Seorang nenek datang kepada Abu Bakr menanyakan tentang hak warisnya. Maka Abu Bakr berkata: Engkau tidak mendapatkan sesuatu dalam Al-Qur'an, dan aku tidak mengetahui bagian untukmu disebutkan dalam sunnah Nabiyullah . Maka kembalilah sampai aku bertanya kepada orang-orang. Kemudian Abu Bakr bertanya kepada orang-orang, maka Al-Mugirah bin Syu'bah berkata: Aku menghadiri majlis Rasulullah dan memberinya seperenam. Abu Bakr berkata: Apakah ada yang hadir selainmu? Maka Muhammad bin Maslamah berdiri dan berkata seperti yang dikatakan Al-Mugirah bin Syu'bah.

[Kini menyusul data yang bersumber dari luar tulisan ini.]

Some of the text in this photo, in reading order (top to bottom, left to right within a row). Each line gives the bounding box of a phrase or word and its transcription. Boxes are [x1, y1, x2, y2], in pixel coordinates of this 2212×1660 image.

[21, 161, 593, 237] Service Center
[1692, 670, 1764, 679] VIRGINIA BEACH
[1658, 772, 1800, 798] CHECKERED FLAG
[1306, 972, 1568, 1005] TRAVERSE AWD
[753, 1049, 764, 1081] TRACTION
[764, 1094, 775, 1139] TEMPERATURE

Kemudian Abu Bakr menjalankannya untuk nenek itu. [Sunan Abu Daud: Sahih]

Ø  Syuraih bin Hani' -rahimahullah- berkata:

سَأَلْتُ عائشةَ، عَنِ الْمَسْحِ عَلَى الْخُفَّيْنِ، فَقَالَتْ: ائْتِ عَلِيًّا فَإِنَّهُ أَعْلَمُ بِذَلِكَ مِنِّي [صحيح مسلم]

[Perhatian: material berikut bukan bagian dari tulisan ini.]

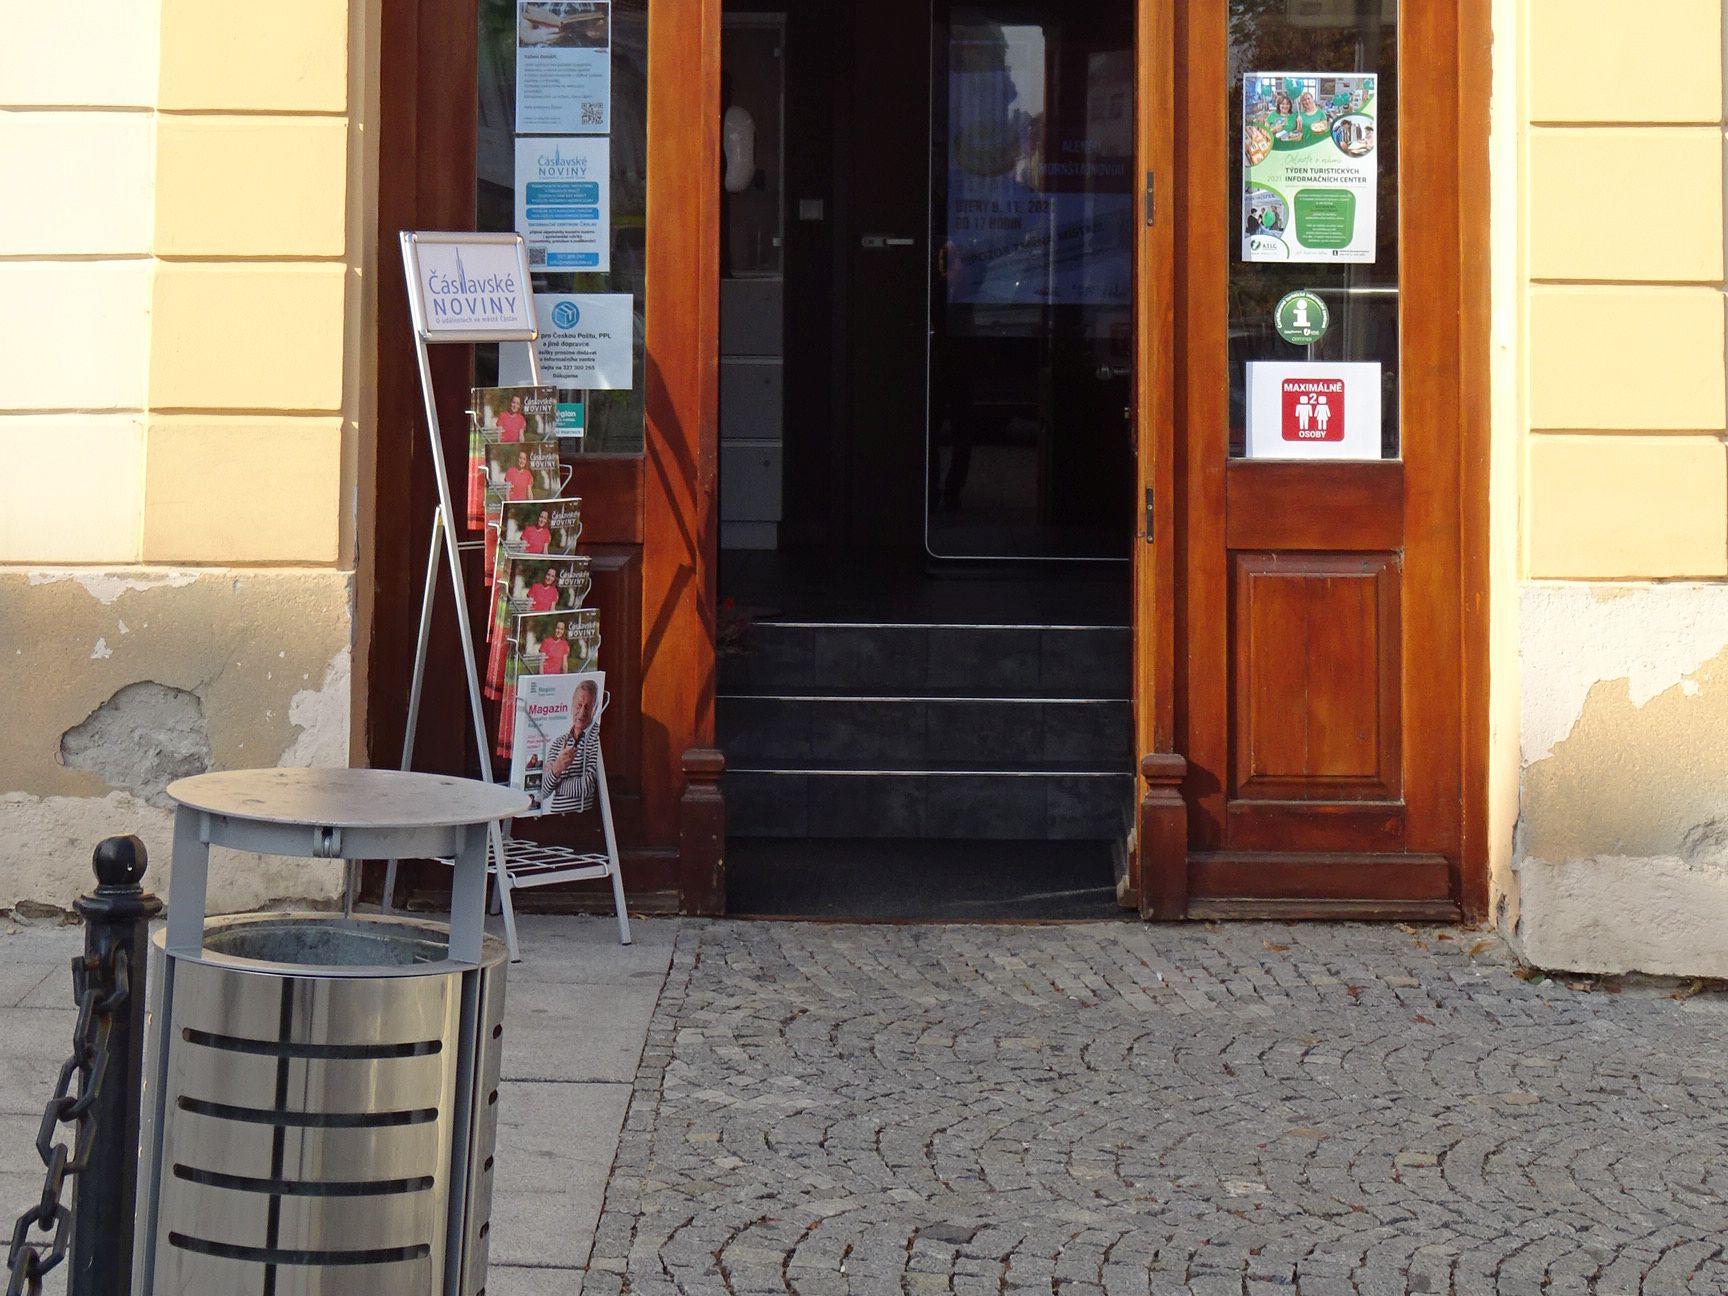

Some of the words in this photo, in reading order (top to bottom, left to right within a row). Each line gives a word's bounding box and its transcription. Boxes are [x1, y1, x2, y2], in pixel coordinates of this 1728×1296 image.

[538, 167, 588, 176] NOVINY
[1285, 167, 1308, 175] TÝDEN
[1309, 167, 1360, 175] TURISTICKÝCH
[1284, 175, 1339, 183] INFORMAČNÍCH
[429, 259, 516, 295] Čáslavské
[433, 296, 516, 316] NOVINY
[553, 331, 577, 339] Českou
[1283, 381, 1343, 393] MAXIMÁLNĚ
[1309, 393, 1317, 404] 2
[524, 405, 553, 413] NOVINY
[1298, 430, 1326, 439] OSOBY
[530, 460, 557, 469] NOVINY
[551, 519, 577, 527] NOVINY
[558, 577, 585, 587] NOVINY
[567, 628, 595, 638] NOVINY
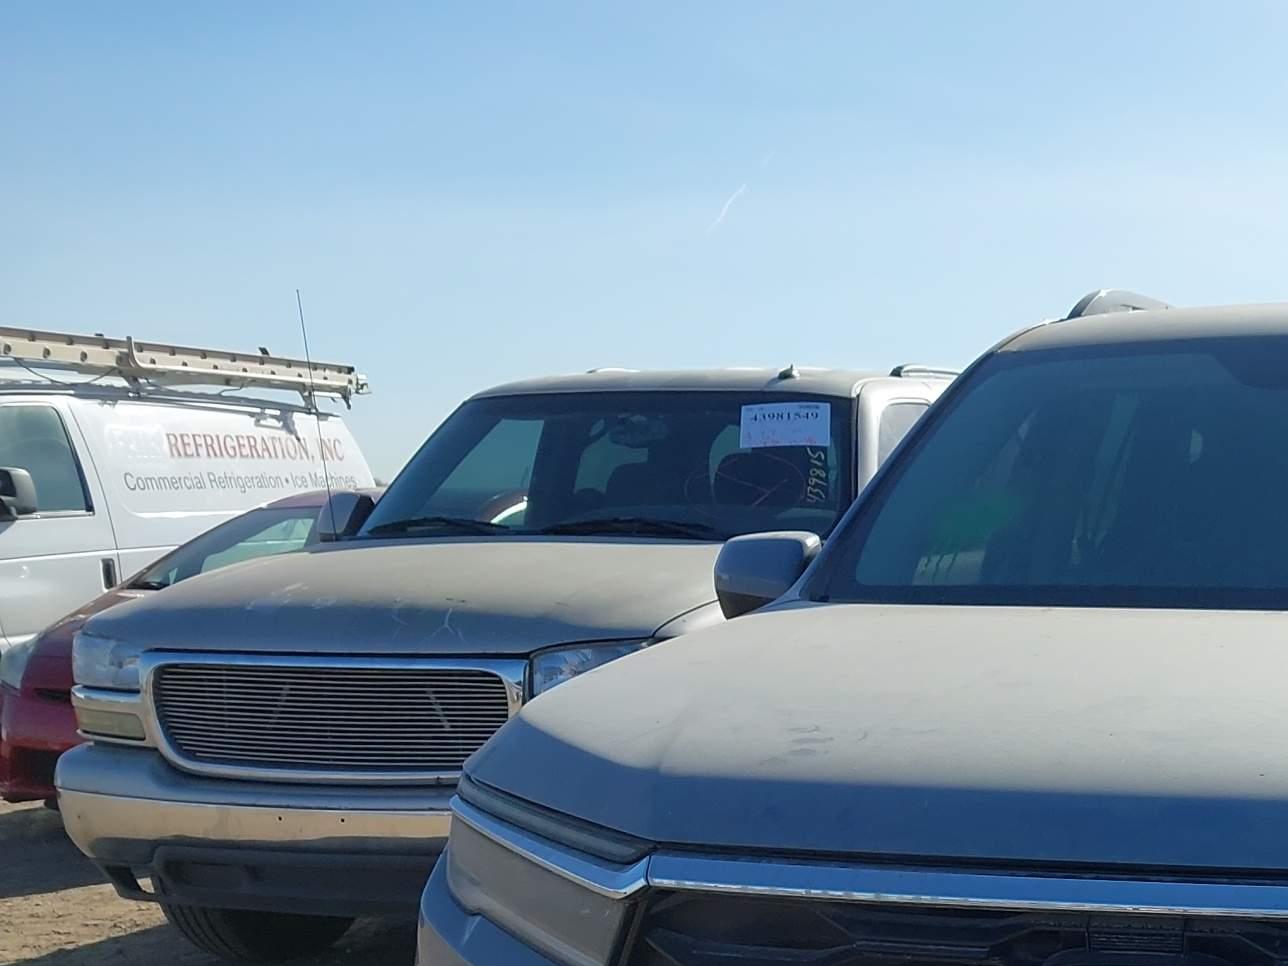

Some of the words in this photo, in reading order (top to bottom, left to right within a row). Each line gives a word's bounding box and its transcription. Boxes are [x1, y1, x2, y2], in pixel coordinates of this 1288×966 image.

[165, 432, 315, 462] REFRIGERATION,
[319, 437, 345, 461] INC
[123, 471, 206, 492] Commercial
[209, 472, 283, 494] Refrigeration
[291, 472, 310, 489] Ice

Aku bertanya kepada Aisyah tentang mengusap bagian atas dua khuf, maka dia berkata, 'Datanglah kepada Ali, karena dia lebih mengetahui tentang hal tersebut daripadaku. [Shahih Muslim]

Lihat: Obat kebodohan adalah bertanya

  1. Kalau tidak tahu, diam saja.

Allah subhanahu wata’aalaa berfirman:

{وَلَا تَقْفُ مَا لَيْسَ لَكَ بِهِ عِلْمٌ إِنَّ السَّمْعَ وَالْبَصَرَ وَالْفُؤَادَ كُلُّ أُولَئِكَ كَانَ عَنْهُ مَسْئُولًا} [الإسراء: 36]

Dan janganlah kamu mengikuti apa yang kamu tidak mempunyai pengetahuan tentangnya. Sesungguhnya pendengaran, penglihatan dan hati, semuanya itu akan diminta pertanggungan jawabnya. [Al-Israa’:36]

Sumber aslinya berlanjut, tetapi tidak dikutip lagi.